## WHAT IS REQUIRED:
Copy every record word for word. The images stay behind.

[Records from a data collection]
****

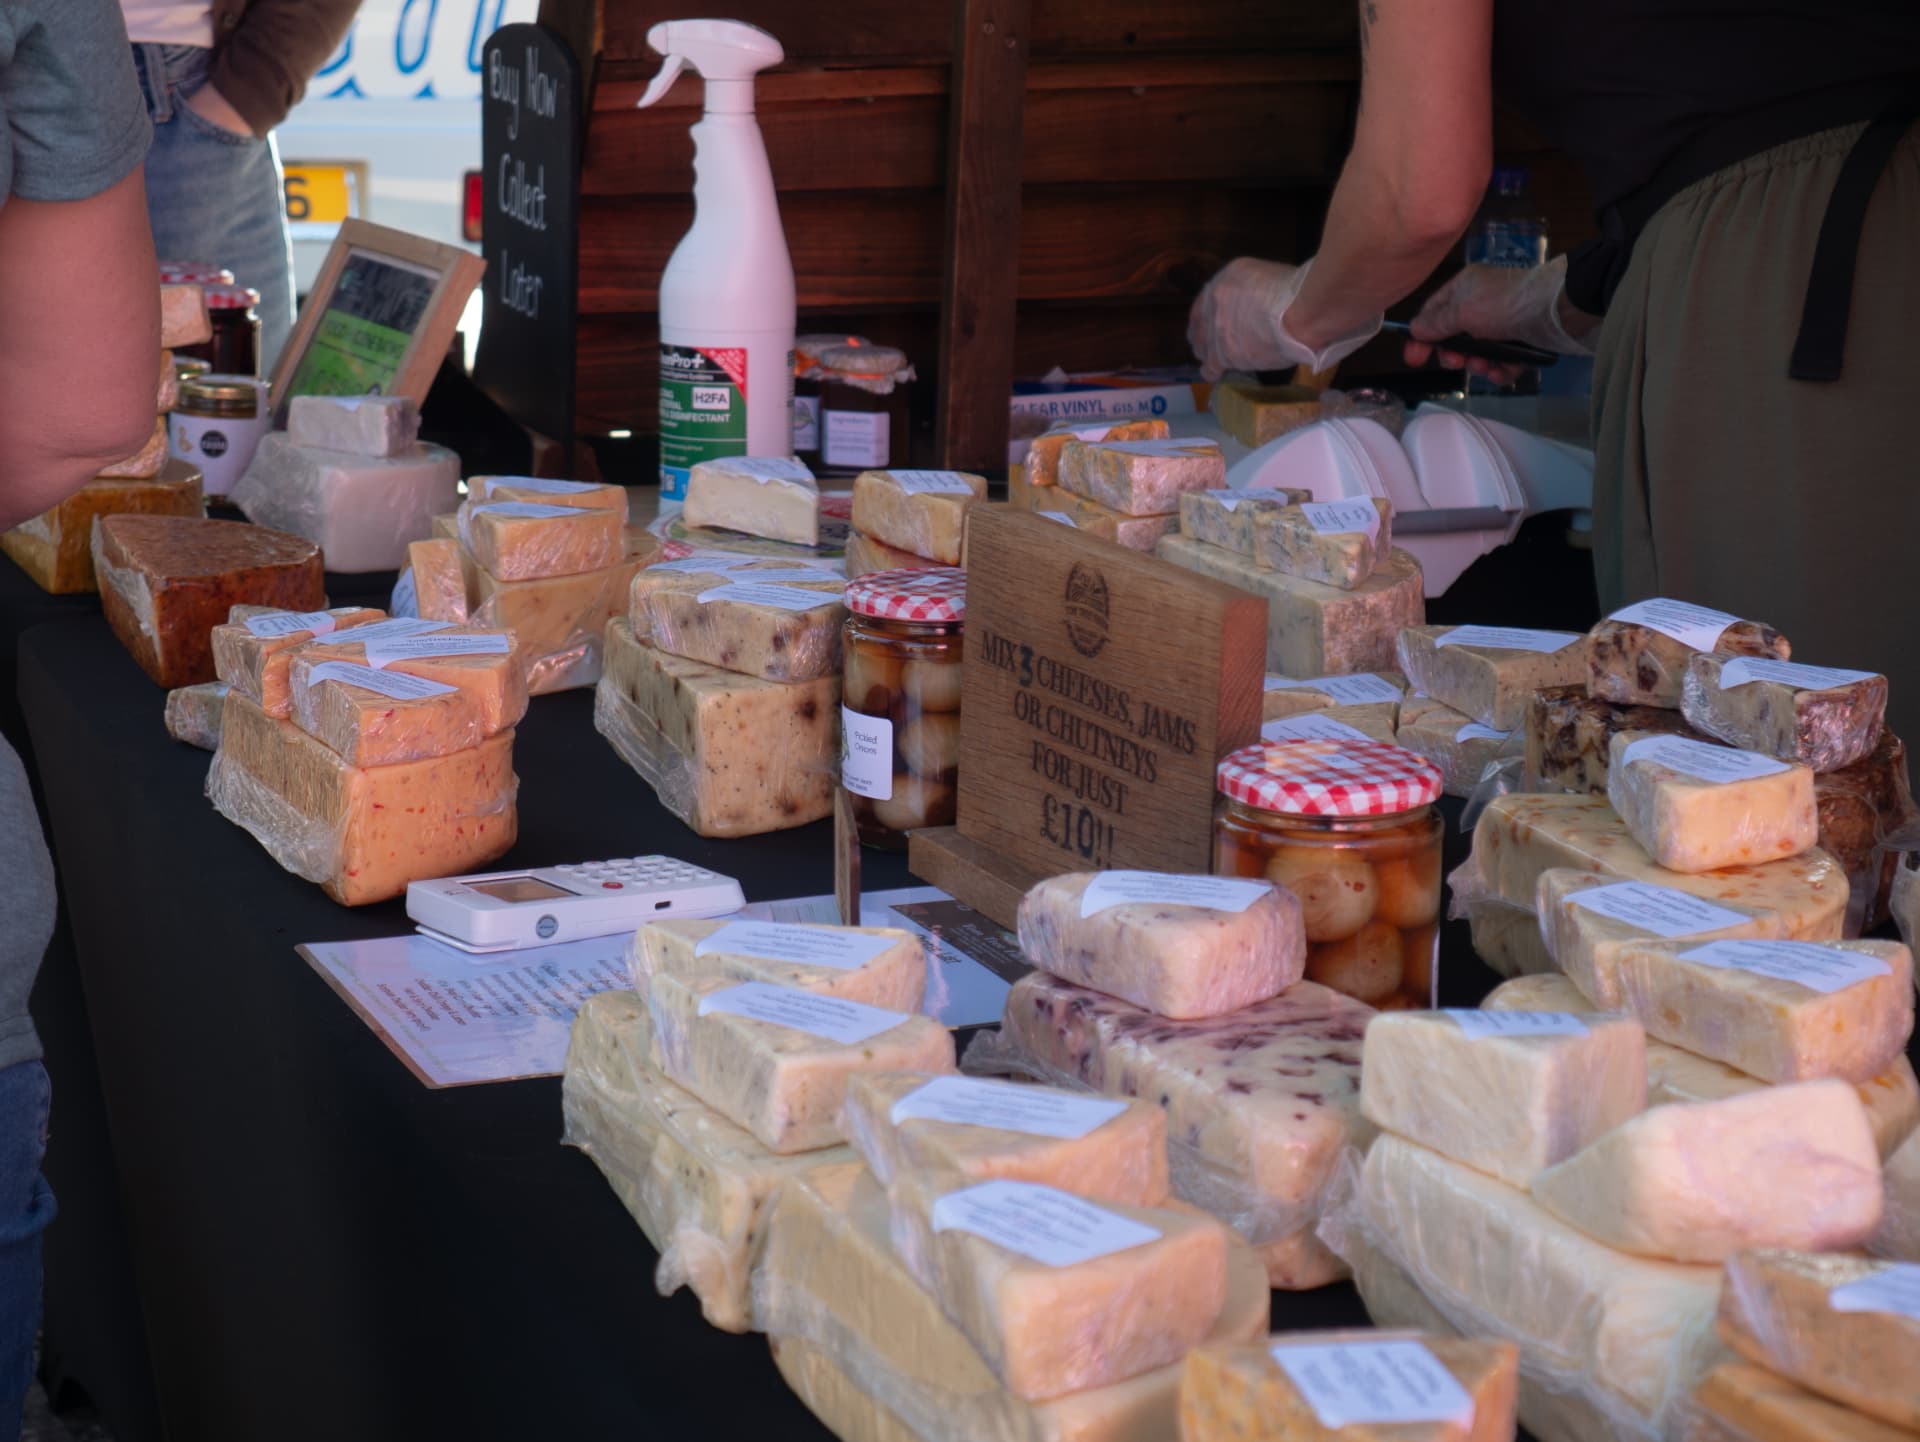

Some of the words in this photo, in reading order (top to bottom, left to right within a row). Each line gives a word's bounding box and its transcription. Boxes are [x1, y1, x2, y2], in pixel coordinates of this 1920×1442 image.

[489, 48, 520, 140] Buy
[526, 46, 557, 119] Now
[499, 153, 547, 231] Collect
[695, 392, 728, 404] H2FA
[1061, 399, 1106, 416] VINYL
[981, 630, 1017, 673] MIX
[1019, 643, 1034, 688] 3
[1037, 655, 1134, 733] CHEESES,
[1138, 701, 1197, 755] JAMS
[1014, 690, 1042, 729] OR
[1046, 704, 1158, 784] CHUTNEYS
[1032, 739, 1072, 789] FOR
[1075, 763, 1129, 815] JUST

****

## RESPONSE BELOW:
Some of the words in this photo, in reading order (top to bottom, left to right within a row). Each line gives a word's bounding box and its transcription. Boxes are [x1, y1, x2, y2], in pixel coordinates of this 1920×1442 image.

[489, 48, 520, 140] Buy
[526, 46, 557, 119] Now
[499, 153, 547, 231] Collect
[695, 392, 728, 404] H2FA
[1061, 399, 1106, 416] VINYL
[981, 630, 1017, 673] MIX
[1019, 643, 1034, 688] 3
[1037, 655, 1134, 733] CHEESES,
[1138, 701, 1197, 755] JAMS
[1014, 690, 1042, 729] OR
[1046, 704, 1158, 784] CHUTNEYS
[1032, 739, 1072, 789] FOR
[1075, 763, 1129, 815] JUST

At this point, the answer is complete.